One key point, and WICHE is careful to make this right away: the report does *not* account for COVID-19. It’s based on data extending through the year 2019. National Student Clearinghouse data indicates that 2020 saw a major drop in high school grads enrolling in higher ed. WICHE thinks that 2020 grad numbers might actually be higher, as schools tried hard to be flexible, but that 2021’s class may shrink.
What does this mean for higher education?
On the one hand, the rising numbers for the next five years may cheer admissions offices and those who pay attention to their work. Amid the many difficult short- and long-term trends, this looks like a medium-term opportunity, at least for campuses seeking to fight against enrollment decline. It helps that the actual numbers for 2019 were higher than WICHE anticipated.
On the other, the 2025 peak is right in line with Nathan Grawe’s model. Some of you will recall that Grawe forecast a drop caused by the 2008 financial crash and its negative impact on childbirth. 2008 + 18 takes us right to 2026. Inside Higher Ed quoted a WICHE leader on this:
“That good news really can’t escape demography,” said Patrick Lane, vice president of policy, analysis and research at the Western Interstate Commission for Higher Education. “There are simply fewer students available that were born in and after the Great Recession to fill college seats going forward.”
The WICHE report may also encourage people in and around academia to pay more attention to demographics, because changes to birthrates are a fundamental driver behind those high school graduation numbers. And the powerful trend here is for fewer births.
Some campuses may decide to expand ties with high schools in order to improve the flow of students from the latter to the former. There are all kinds of ways to do this, of course, including letting high school students take college classes, colleges loaning advanced scientific equipment to K-12 districts that can’t afford them, and so on.
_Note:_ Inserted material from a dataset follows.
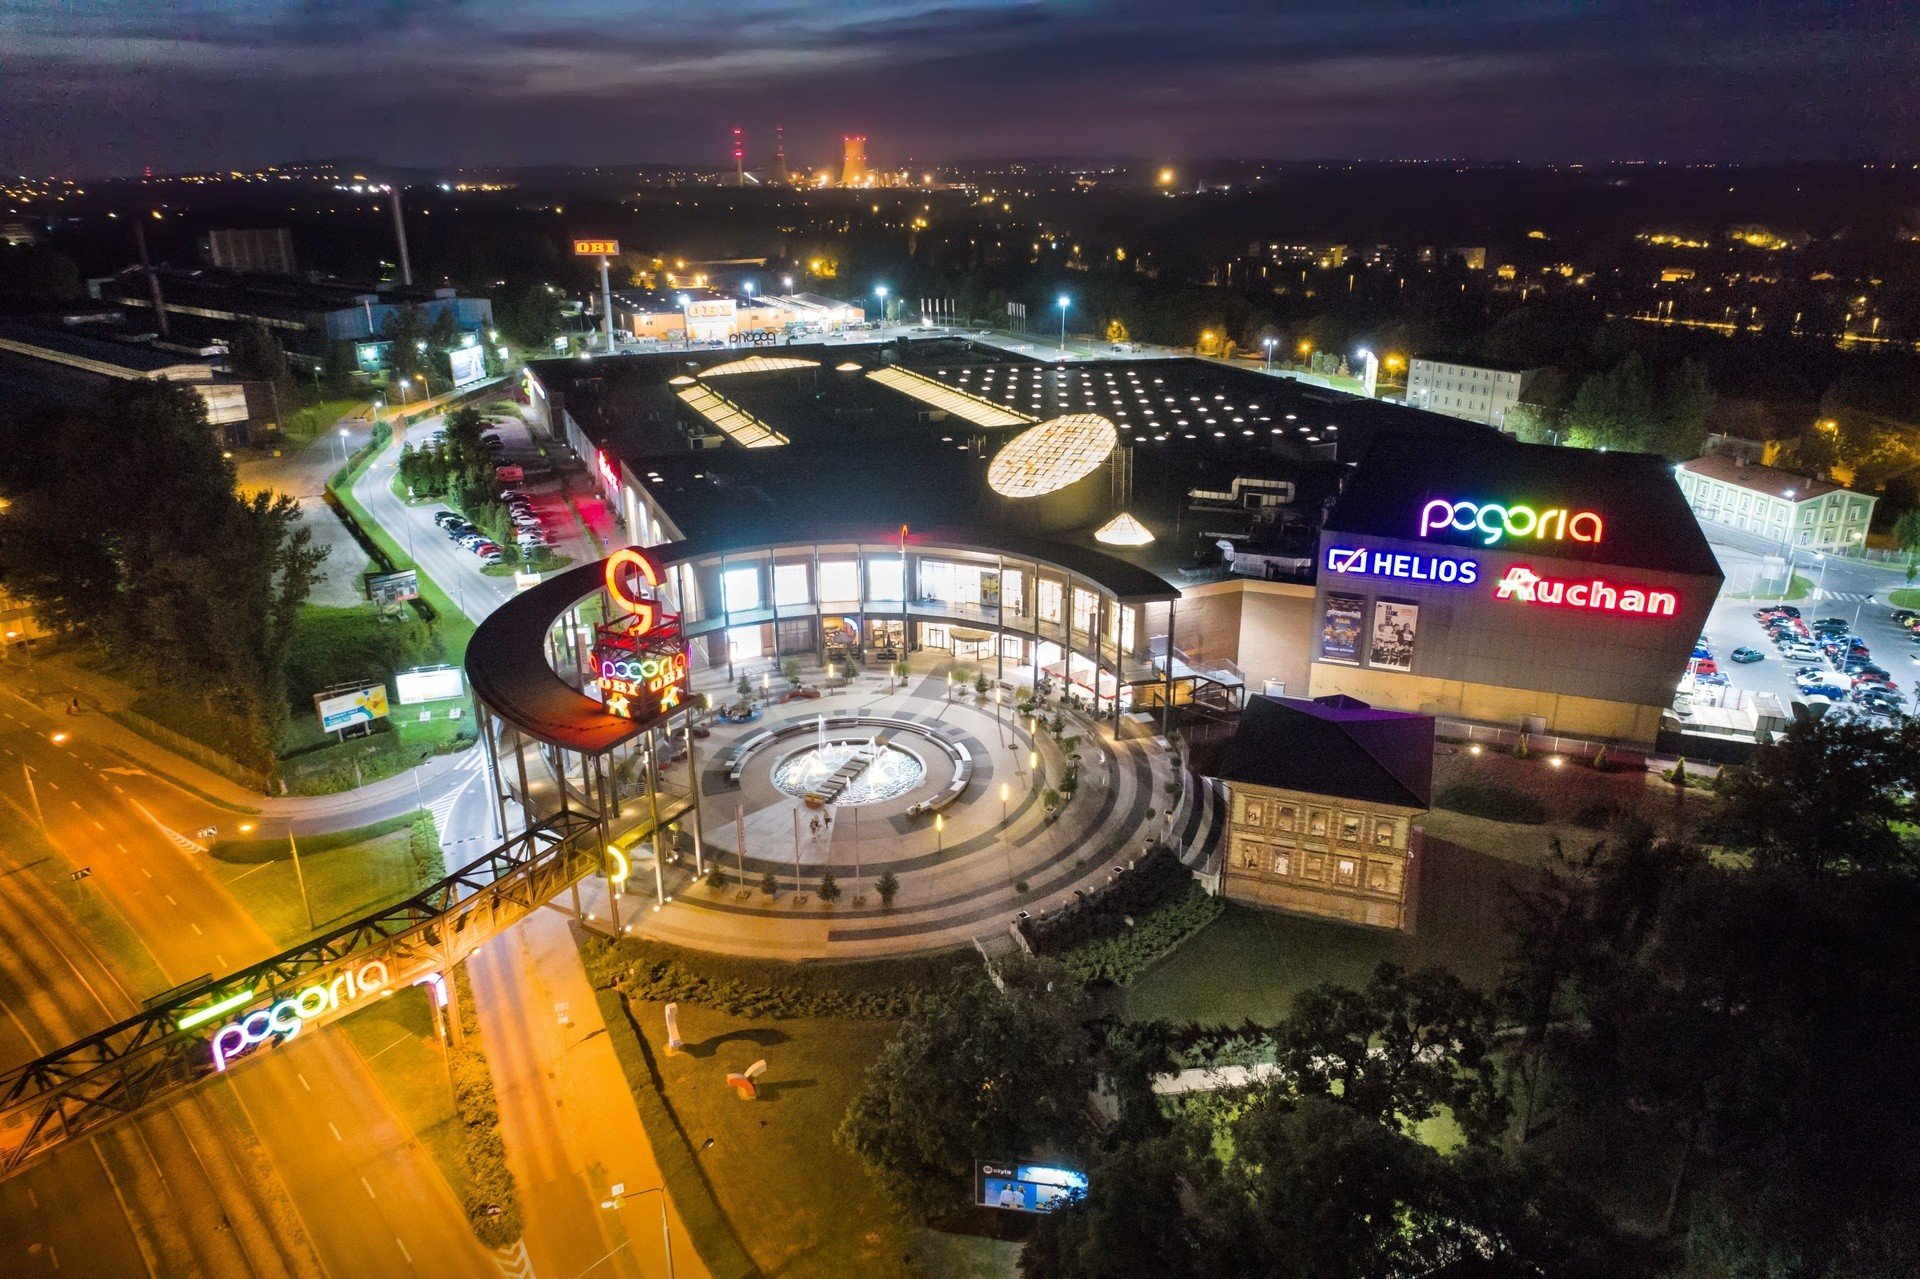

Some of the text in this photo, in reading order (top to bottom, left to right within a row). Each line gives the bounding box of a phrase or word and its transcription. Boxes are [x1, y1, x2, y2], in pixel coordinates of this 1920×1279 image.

Another strategy may be to recruit more from private high schools, as they are now doing better that publics:
Nationally, private high school graduates are now projected to increase in number by as much as 13 percent from Class of 2017 to 2025… Then, even as the number of U.S. public school graduates is projected to begin contracting after 2025, 9 percent more private high school graduates are projected by Class of 2030 compared to Class of 2017. Private high school graduates are projected as 10-11 percent of U.S. total high school graduates over the course of the projections. So, while public school populations still drive the overall number and patterns for total U.S. high school graduates, these positive private school trends contribute some “cushion” to the overall downward trend that is predicted by annual decreases in the number of young children beginning with 2007.
We could also see the reverse, as some campuses cut back on recruiting 18-year-olds in favor of adults.
Another strategy: improving outreach to students of color, as they constitute a growing aggregate. Obviously this is a major concern in 2020. Perhaps the WICHE report will spur institutions to keep focusing on that in the future.